Choices, choices, choices

Democratic presidential candidates outnumber paczkis at annual Fat Tuesday party.

Posted

Someone named “Hickenlooper” hopped into the 2020 Democratic presidential sweepstakes. In case you missed it.

CNN now lists 12 announced candidates, two more on the verge of announcing and another dozen who are thinking about it. Familiar names like Joe Biden, John Kerry and Beto O’Rourke are on that list.

The Truscott Rossman public relations group didn’t have that many varieties of paczkis carved up for Fat Tuesday revelers at its annual feeding fest at Troppo. Raspberry. Vanilla cream. Lemon. Whipped chocolate. Apricot. Is it possible to try them all?

Overwhelming, isn’t it? The people tasting these powdered pastries thought so, too. Oh, I’m back talking about the Dem presidential wannabes, by the way. “There’s no one person,” said veteran journalist and PR professional Sharon Emery. “It’s almost the opposite. At first, you need to eliminate certain people, and that’s the way it’s going to get thinned out.”

She wants a steady personality with progressive social ideas. Someone focused on the common good. She said she’d rather have a fresh face. Bernie Sanders had his chance. Elizabeth Warren missed hers.

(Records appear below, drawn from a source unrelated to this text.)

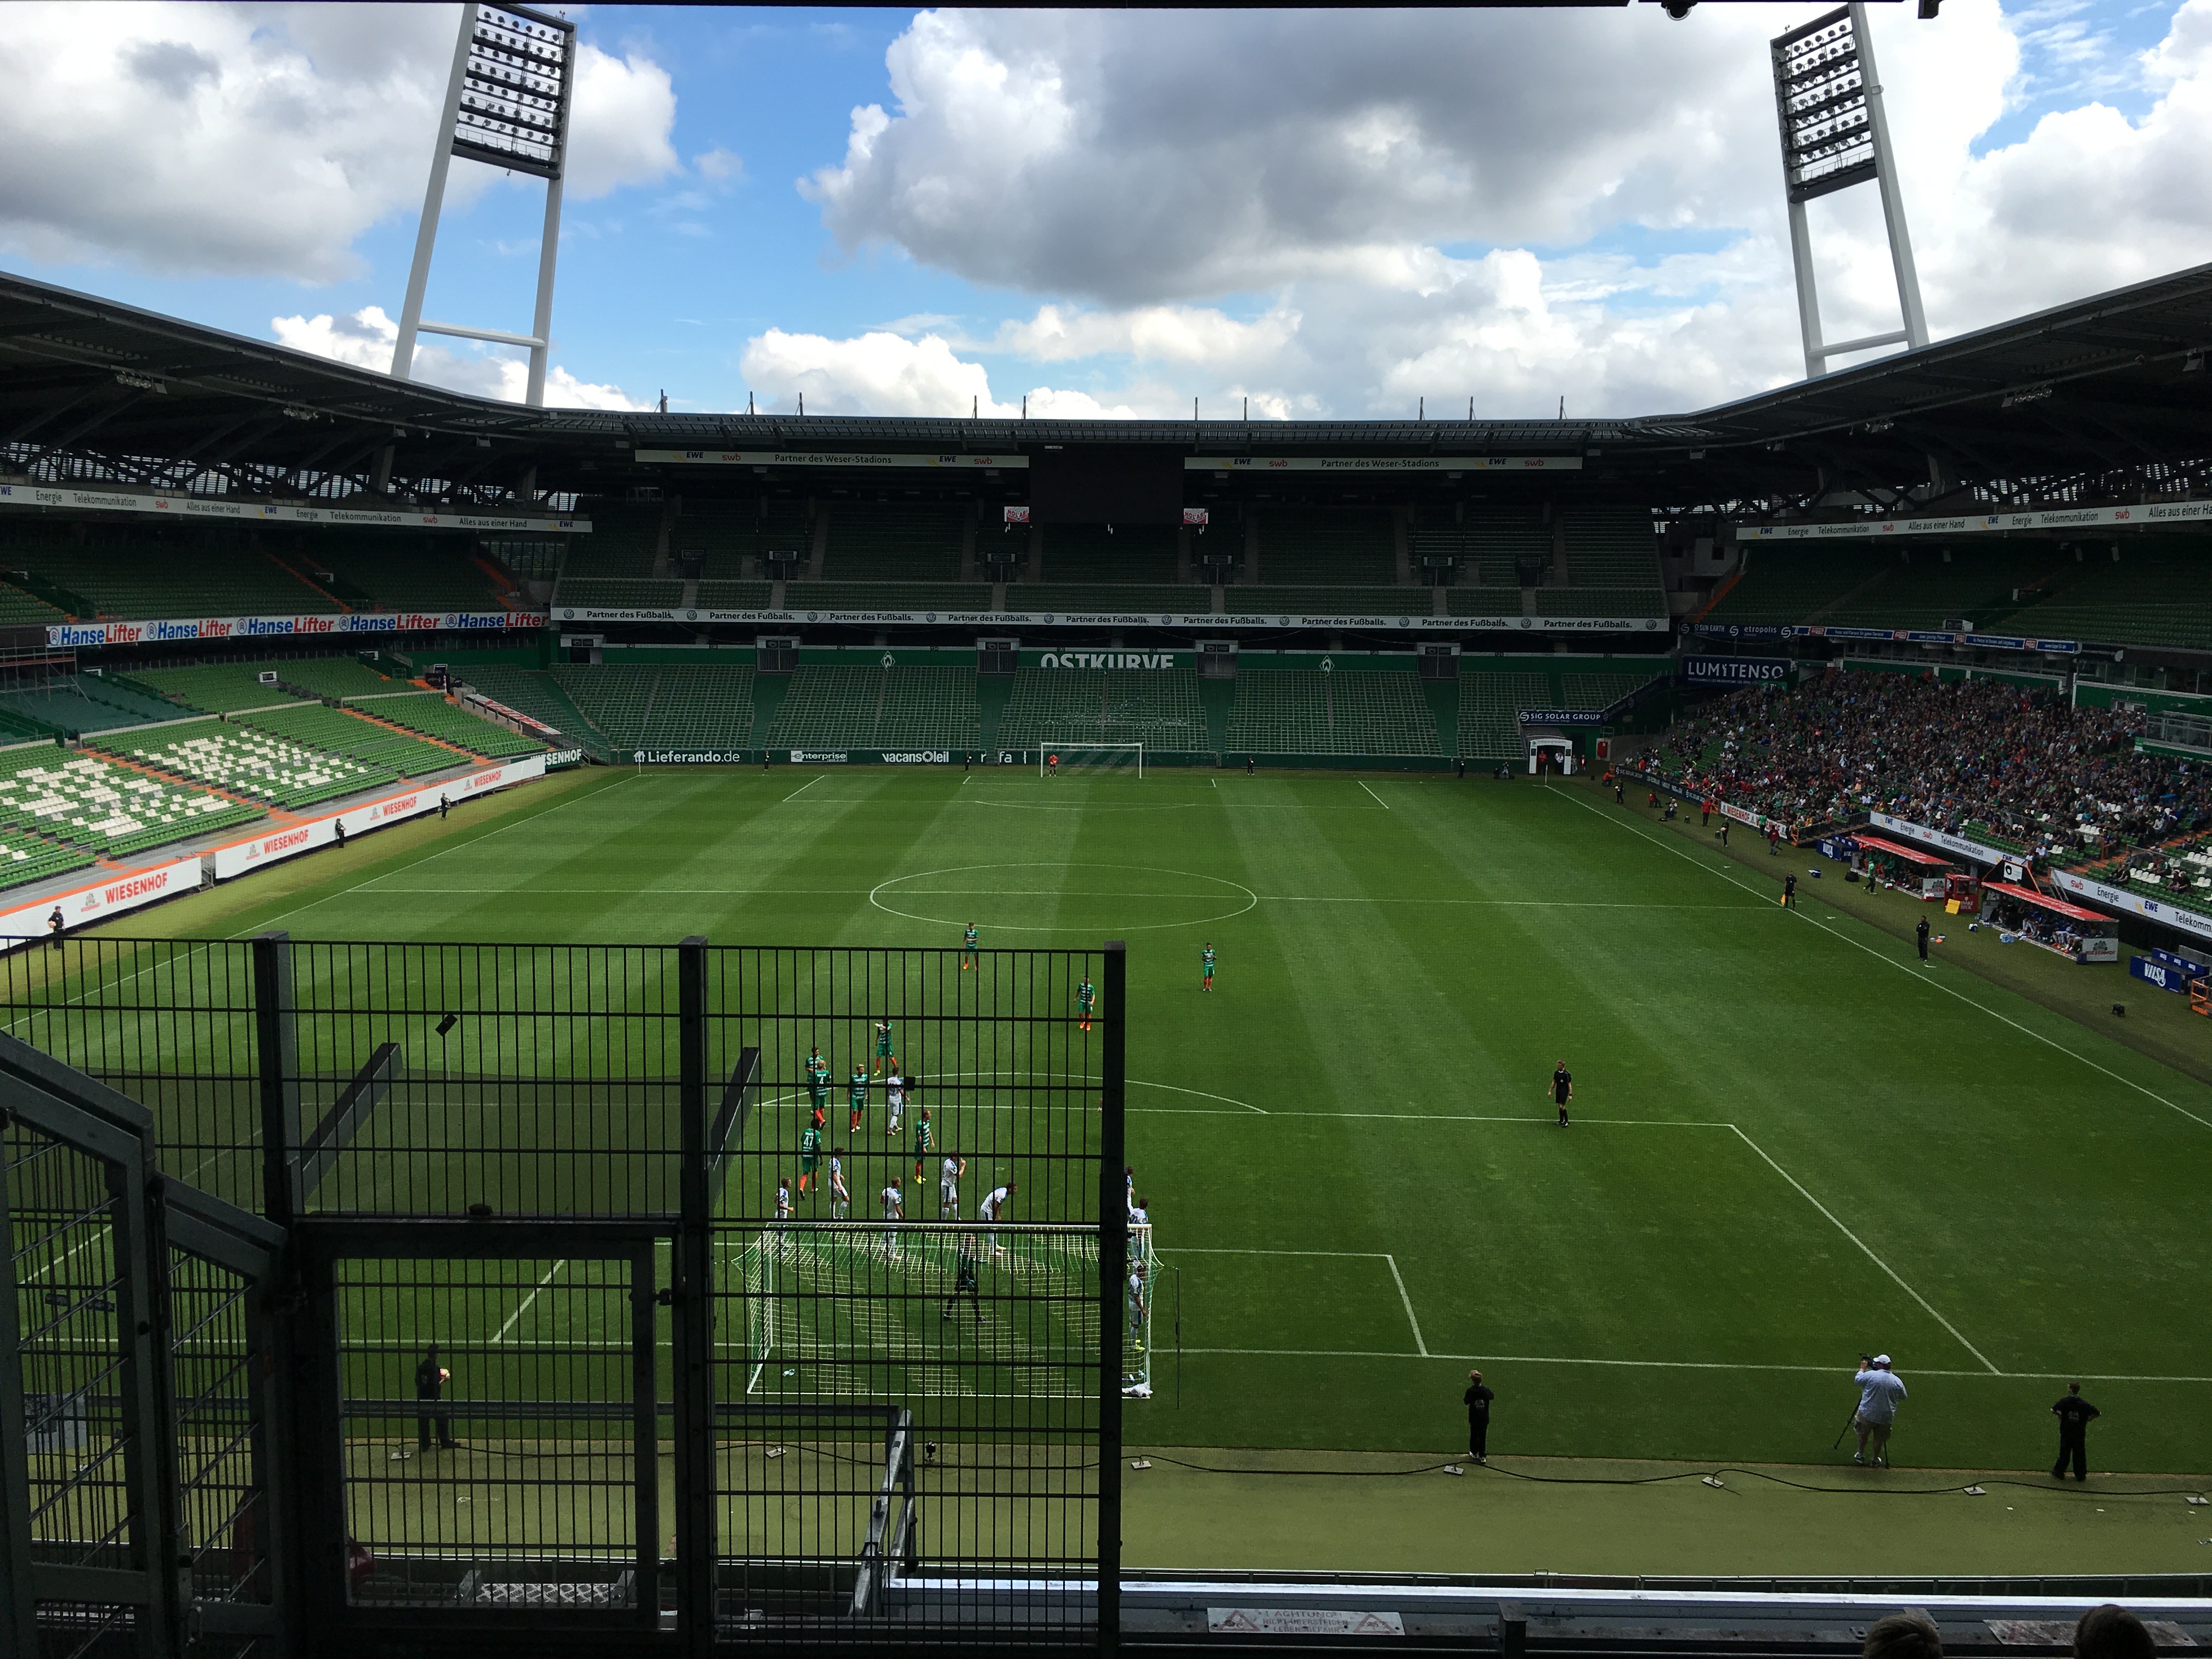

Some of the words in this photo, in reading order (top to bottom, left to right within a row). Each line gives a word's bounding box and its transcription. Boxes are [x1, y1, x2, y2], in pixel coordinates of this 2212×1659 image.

[825, 455, 891, 464] Weser-Stadions
[1, 486, 11, 495] WE
[36, 490, 61, 504] Energie
[74, 493, 137, 507] Telekommunikation
[155, 500, 168, 509] swb
[187, 502, 200, 511] Alles
[212, 504, 224, 513] einer
[226, 505, 240, 514] Hand
[265, 506, 277, 515] EWE
[296, 510, 318, 521] Energie
[330, 512, 401, 522] Telekommunikation
[1788, 528, 1809, 537] Energie
[1818, 525, 1869, 534] Telekommunikation
[1883, 523, 1894, 531] swb
[1909, 521, 1921, 530] Alles
[1949, 519, 1965, 528] Hand
[1988, 516, 1999, 524] EWE
[2012, 515, 2032, 527] Energie
[2041, 511, 2098, 523] Telekommunikation
[2115, 508, 2130, 520] swb
[2149, 505, 2166, 517] Alles
[2168, 507, 2180, 516] aus
[2182, 505, 2200, 516] einer
[2203, 504, 2212, 515] Ha
[157, 619, 232, 639] HanseLifter
[247, 616, 335, 634] HanseLifter
[349, 614, 440, 630] HanseLifter
[458, 613, 549, 628] HanseLifter
[61, 624, 142, 645] HanseLifter
[1041, 653, 1174, 668] OSTKURVE
[648, 751, 740, 762] Lieferando.de
[794, 753, 847, 761] enterprise
[474, 770, 501, 787] WIESENHOF
[382, 796, 417, 816] WIESENHOF
[263, 829, 309, 854] WIESENHOF
[1900, 823, 1915, 835] Energie
[1941, 833, 1984, 856] Telekommunikation
[105, 872, 167, 904] WIESENHOF
[2071, 879, 2083, 890] swb
[2097, 887, 2119, 904] Energie
[2145, 900, 2158, 912] EWE
[2175, 911, 2212, 933] Telekomm
[2145, 963, 2166, 986] VILSA

If it’s not an old, white male billionaire, Emery’s Truscott Rossman colleague, Josh Hovey, is willing to give them a listen. Whoever emerges from the Democratic primary can’t resemble the current office holder.

That doesn’t exactly narrow the field much unless you’re counting Howard Schultz, which CNN didn’t.

Putting on his political analyst hat, Hovey says the name of the game right now is “Name ID, name ID, name ID.” Folks like Cory Booker with new ideas like legalizing marijuana can stand out from the pack.

“We’ve only known the Clinton name and the Obama name for the past 30 years in presidential politics. There’s a real opportunity for people to come out and make a name for themselves,” he said.

Speaking of Clinton, former state Rep. Lee Gonzales was a Clinton delegate in 2008. Since then, he’s seen his Democratic Party “lurch to the left” and he’s not convinced that’s a winning formula for 2020.

Joe Biden is someone who can appeal to Democrats, “soft Republicans” and independents, he said. The confessed moderate said “there’s a big danger” of Sanders or someone of his ideological ilk repelling your average, center-of-the-road person.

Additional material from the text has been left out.